WHERE WE MEETUP: Note our change of location. Our usual location, Kiev Training Room in Google Building 40 is offline for remodeling. Our new location is (listen carefully, now) is the Bodega Bay Tech Talk room in the Google building at 1950 Charleston Road, Mt View, located a little west along Charleston of the Googleplex, proper (our usual location). Check in with Google Security at the Building 1950 Lobby. Here's a map (https://www.meetup.com/webmapsocial/venue/1292197/?forceUrlname=true&pop=true) to zoom in on - pushpin marks the Lobby.

Google will again be generously providing us with dinner. Talks start at 7:00 PM. If you'd like to partake of dinner, please arrive earlier than usual (latest 6:30 PM) at the Bodega Bay room and, with Google Security's guidance, pick up dinner at the adjacent Nourish Cafe. Note, Bodega Bay will only have chairs set up (no tables); so either arrive early and eat at a table in the Cafe or be prepared to balance a plate+drink on your lap during the talks.

Why Search is the Problem

Tyler Bell, Director of Product, Factual, Inc. (http://www.factual.com/)

http://cdn.oreilly.com/radar/images/people/photo_tylerb_m.jpg

Search has proved a boon for the consumer Internet but has hobbled attempts to create an holistic data intelligence underlying the internet: the search paradigm is now so prevalent that the need for human disambiguation is intrinsic to any information retrieval mechanism. This presentation looks specifically at the role of search in Geo APIs, and highlights a few exceptions. It concludes with a brief discussion how URLs are being employed as URIs, why entity resolution services such as google-refine are increasingly needed, and the shape of the forthcoming landscape.

Tyler Bell is the Director of Product for Factual (http://www.factual.com/), an LA-based startup that is, amongst other things, creating a global coverage of the world's POI and businesses. He previously taught archaeology at Oxford University and, more recently and topically, was the Product Lead for Yahoo's Geo Technologies Group.
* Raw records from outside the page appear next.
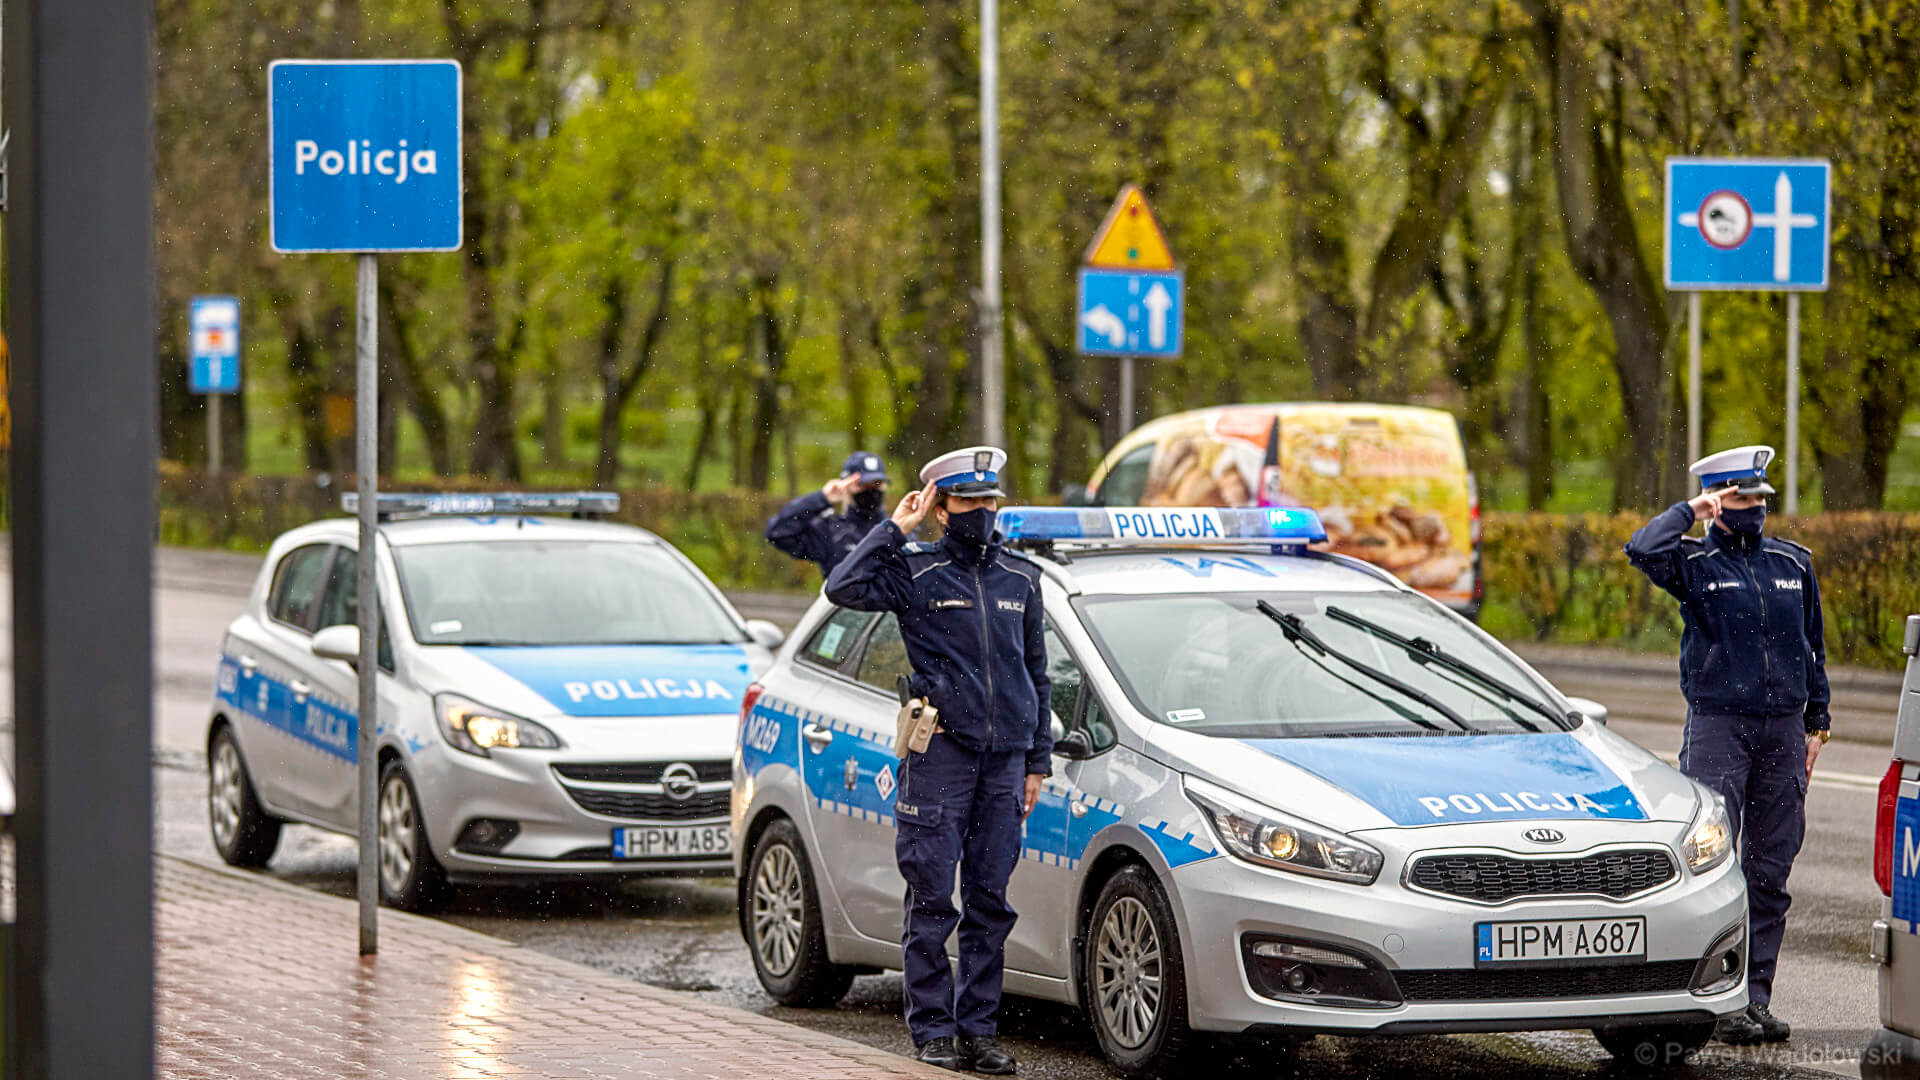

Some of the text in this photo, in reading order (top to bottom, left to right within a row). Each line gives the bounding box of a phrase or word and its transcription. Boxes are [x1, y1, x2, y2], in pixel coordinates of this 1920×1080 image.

[295, 139, 437, 184] Policja
[1114, 513, 1219, 537] POLICJA
[997, 600, 1025, 613] POLICJ
[564, 678, 734, 703] POLICJA
[746, 713, 781, 754] M269
[1418, 792, 1609, 817] POLICJA
[628, 828, 733, 853] HPM A85
[1529, 829, 1562, 842] KIA
[1479, 946, 1491, 957] PL
[1498, 922, 1640, 958] HPM A687
GeoCam: Sharing Disaster Information with Mobile Devices

Trey Smith, CMU Silicon Valley (http://www.cmu.edu/silicon-valley/) / NASA Ames Intelligent Robotics Group (http://ti.arc.nasa.gov/tech/asr/intelligent-robotics/)

http://2.bp.blogspot.com/_ZDkbR2SJf48/TPgknuFJ5AI/AAAAAAAAFQc/N1RRB-X6KSA/s1600/trey.jpg

GeoCam develops open source software to help disaster responders share map information with their mobile devices. Our tools have been deployed to fires in http://ti.arc.nasa.gov/m/groups/intelligent-robotics/thumbs/geocam.jpg (http://ti.arc.nasa.gov/m/groups/intelligent-robotics/geocam-overview.mp4) California and earthquakes in Haiti and Chile.

So far we've mainly focused on supporting organized teams in the field but we'd love to exchange ideas about how to get more people involved in disaster response.

Trey Smith leads the GeoCam Project (http://disastercam.blogspot.com/) and has been developing technology for disaster response since he joined NASA in 2007. His goal is to make disaster information systems cheap, usable, open, and interoperable so that responders and ordinary citizens can collaborate more effectively.

Dinner is generously sponsored by Google.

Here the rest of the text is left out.